[Wittrs] Re: What constitutes "Analytic Philosophy"?

  • From: Sean Wilson <whoooo26505@xxxxxxxxx>
  • To: wittrsamr@xxxxxxxxxxxxx
  • Date: Sat, 30 Apr 2011 23:13:43 -0700 (PDT)

... a couple of thoughts.

1. Conversations about "analytic philosophy" share similarities with 
conversations about "analytical writing" (as opposed to other kinds of 
writing). 
Just as the word "analyticity" purports to say something. It grammar here 
shares 
similarities with people who differentiate historical epochs in intellectual 
culture: classical, enlightenment, moral-sciences, post-modern, etc. And is 
shares similarities with those who talk about formalism as an idea in law. 

In all of the above cases, there is still "reasoning" going on in the things 
 considered "not analytic." There is still thinking. So, in these expressions, 
analyticity is seen as a TYPE of approach.

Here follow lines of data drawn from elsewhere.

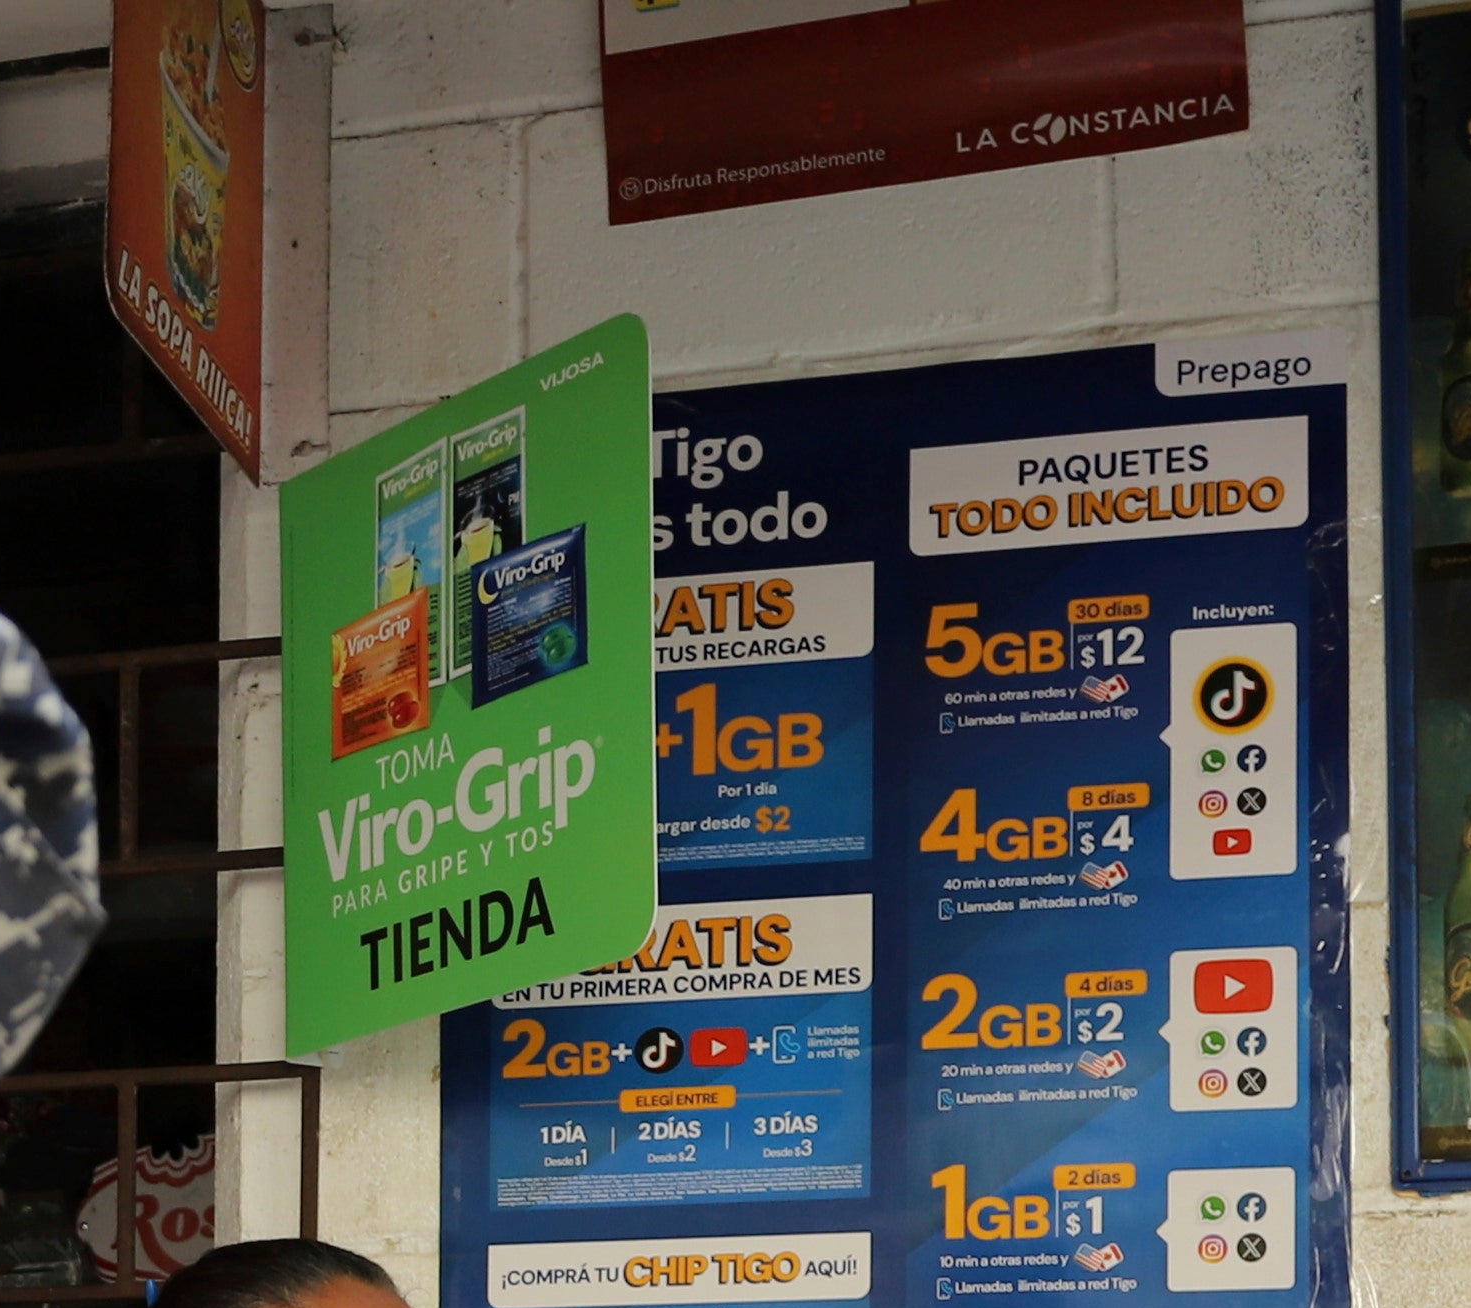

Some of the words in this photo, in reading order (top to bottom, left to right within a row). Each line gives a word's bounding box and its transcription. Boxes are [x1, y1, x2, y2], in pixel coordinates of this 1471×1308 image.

[956, 127, 998, 154] LA
[644, 168, 712, 195] Disfruta
[716, 146, 887, 188] Responsablemente
[118, 248, 142, 309] LA
[144, 284, 193, 373] SOPA
[196, 346, 252, 448] RIIICA!
[539, 352, 604, 391] VIJOSA
[1177, 356, 1313, 388] Prepago
[1018, 444, 1210, 486] PAQUETES
[685, 490, 828, 546] todo
[930, 494, 1059, 538] TODO
[1067, 475, 1286, 528] INCLUIDO
[493, 549, 566, 589] Viro-Grip
[654, 578, 795, 638] ATIS
[1075, 603, 1103, 619] 30
[1104, 601, 1143, 617] días
[1192, 603, 1275, 622] Incluyen:
[347, 615, 411, 656] Viro-Grip
[703, 635, 827, 662] RECARGAS
[924, 603, 1067, 678] 5GB
[999, 689, 1030, 702] otras
[1032, 686, 1067, 700] redes
[957, 712, 1016, 728] Llamadas
[1114, 705, 1139, 720] Tigo
[375, 733, 455, 789] TOMA
[317, 725, 596, 883] Viro-Grip
[718, 785, 743, 799] Por
[754, 782, 778, 796] día
[1082, 792, 1093, 806] 8
[1098, 789, 1136, 805] días
[700, 814, 751, 831] desde
[755, 806, 792, 833] $2
[920, 788, 1070, 862] 4GB
[332, 879, 388, 919] PARA
[398, 850, 468, 895] GRIPE
[480, 841, 493, 867] Y
[505, 821, 554, 857] TOS
[997, 875, 1030, 888] otras
[1031, 873, 1066, 886] redes
[957, 899, 1015, 914] Llamadas
[1112, 892, 1139, 907] Tigo
[360, 877, 555, 991] TIENDA
[539, 981, 564, 999] TU
[570, 976, 667, 999] PRIMERA
[673, 972, 770, 993] COMPRA
[778, 969, 808, 988] DE
[814, 966, 861, 985] MES
[1079, 978, 1091, 994] 4
[1096, 977, 1134, 992] días
[921, 973, 1063, 1050] 2GB
[995, 1062, 1027, 1075] otras
[1028, 1060, 1063, 1074] redes
[676, 1093, 719, 1106] ENTRE
[956, 1090, 1014, 1105] Llamadas
[1112, 1085, 1138, 1100] Tigo
[653, 1116, 702, 1140] DÍAS
[769, 1111, 819, 1134] DÍAS
[1068, 1171, 1078, 1186] 2
[1083, 1169, 1121, 1185] días
[931, 1164, 1051, 1240] 1GB
[501, 1263, 591, 1290] ¡COMPRÁ
[595, 1267, 619, 1283] TU
[623, 1255, 708, 1287] CHIP
[712, 1251, 801, 1285] TIGO
[804, 1254, 858, 1277] AQUÍ!
[990, 1254, 1022, 1267] otras
[1023, 1252, 1059, 1266] redes
[955, 1280, 1013, 1295] Llamadas
[1111, 1276, 1138, 1292] Tigo

Wittgenstein's relationship to this approach could EASILY be seen as being its 
central father as well as its central destroyer. In truth, what Wittgenstein 
really represents is the person who TRANSCENDED it.  He represents someone who 
both inaugurated and saw the folly of an entire intellectual epoch in the 
culture of human thought. 

2. The sense of "analytic philosophy" that I am thinking about right now goes 
something like this. (And there are many senses of the idea). There is some 
idea, X, for which the idea cannot be completely understood without bringing to 
bear some kind of self-contained analysis. The tools are always definition, 
premise, logic, conclusion, proof. And what happens is that these tools are 
brought to bear upon curious "problems:"

1. Do I exist? Go ahead, prove it. 

2. Do I have free will?

3. Is the world real?

4. Do I know?

In the moral sciences period, one brought these tools to bear on questions 
like: 
what is love? What is law? What is moral? In the classical, Aristotelian era, 
one took certain things as starting points, like, "God exists," and directed 
the 
labor of "proof" toward those ends.  

3. The central thing that Wittgenstein does to analyticity (in the sense above) 
is twofold. First, he tells us that the basic problems to which philosophers 
apply the methods are false. Next, he tells us that philosophy is wrong to 
imitate mathematics or science, and that philosophic problems of the sort 
listed 
above have absolutely nothing to do with formalism. That is, they are not 
formalistic problems. You needn't have Gettier any more than you need have JTB. 
There never was a problem with "how do you know" that required a proof. 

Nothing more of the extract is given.